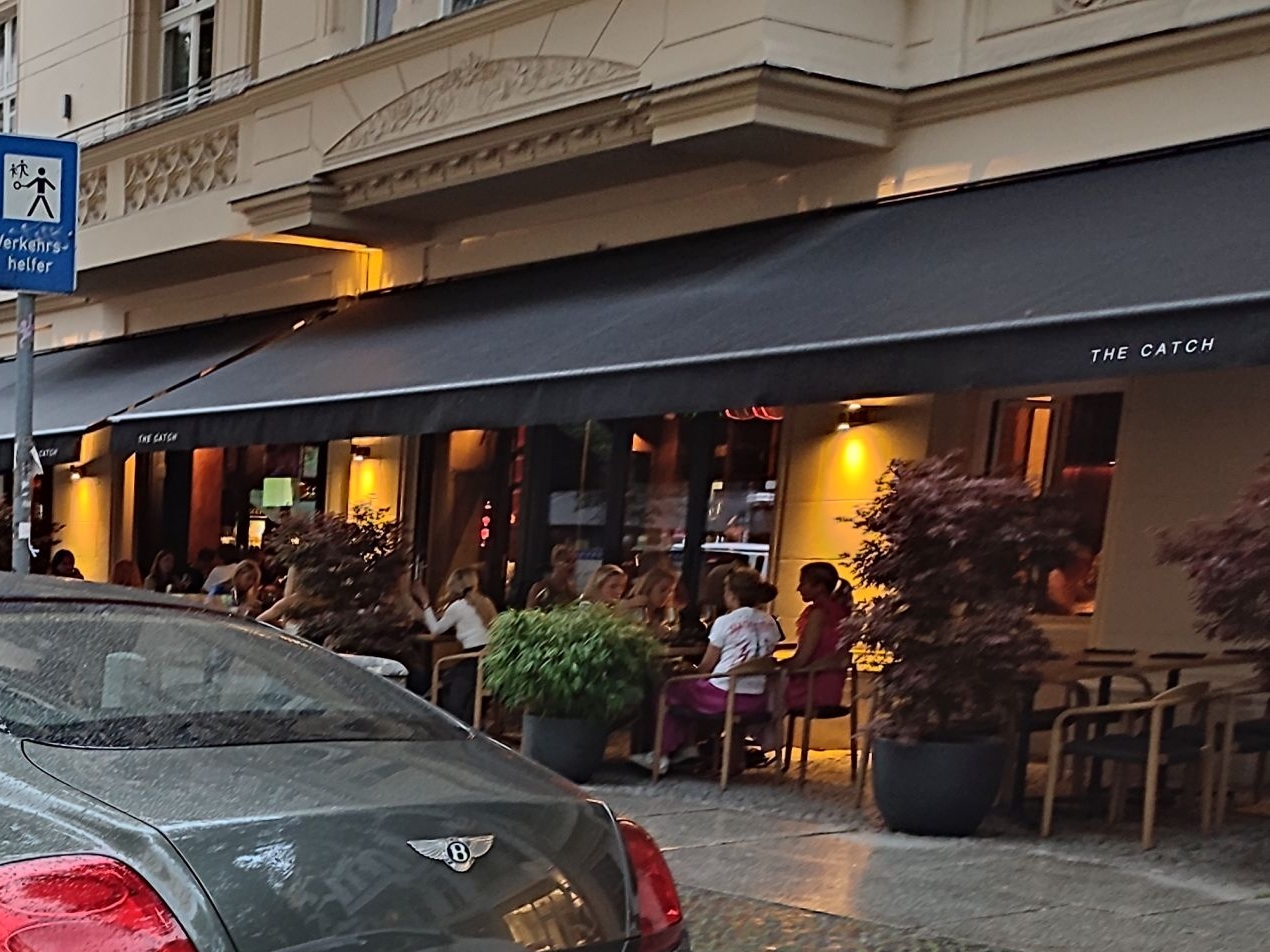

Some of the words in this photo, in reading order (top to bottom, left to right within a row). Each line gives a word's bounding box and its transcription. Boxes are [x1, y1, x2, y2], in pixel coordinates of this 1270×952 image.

[8, 255, 54, 273] helfer
[1091, 346, 1129, 363] THE
[1140, 337, 1215, 357] CATCH
[138, 434, 151, 443] THE
[153, 432, 179, 443] CATCH

Assignment: Your output must reproduce the material above in full, with no pictures.

Response to this exercise:
Some of the words in this photo, in reading order (top to bottom, left to right within a row). Each line gives a word's bounding box and its transcription. Boxes are [x1, y1, x2, y2], in pixel coordinates of this 1270×952 image.

[8, 255, 54, 273] helfer
[1091, 346, 1129, 363] THE
[1140, 337, 1215, 357] CATCH
[138, 434, 151, 443] THE
[153, 432, 179, 443] CATCH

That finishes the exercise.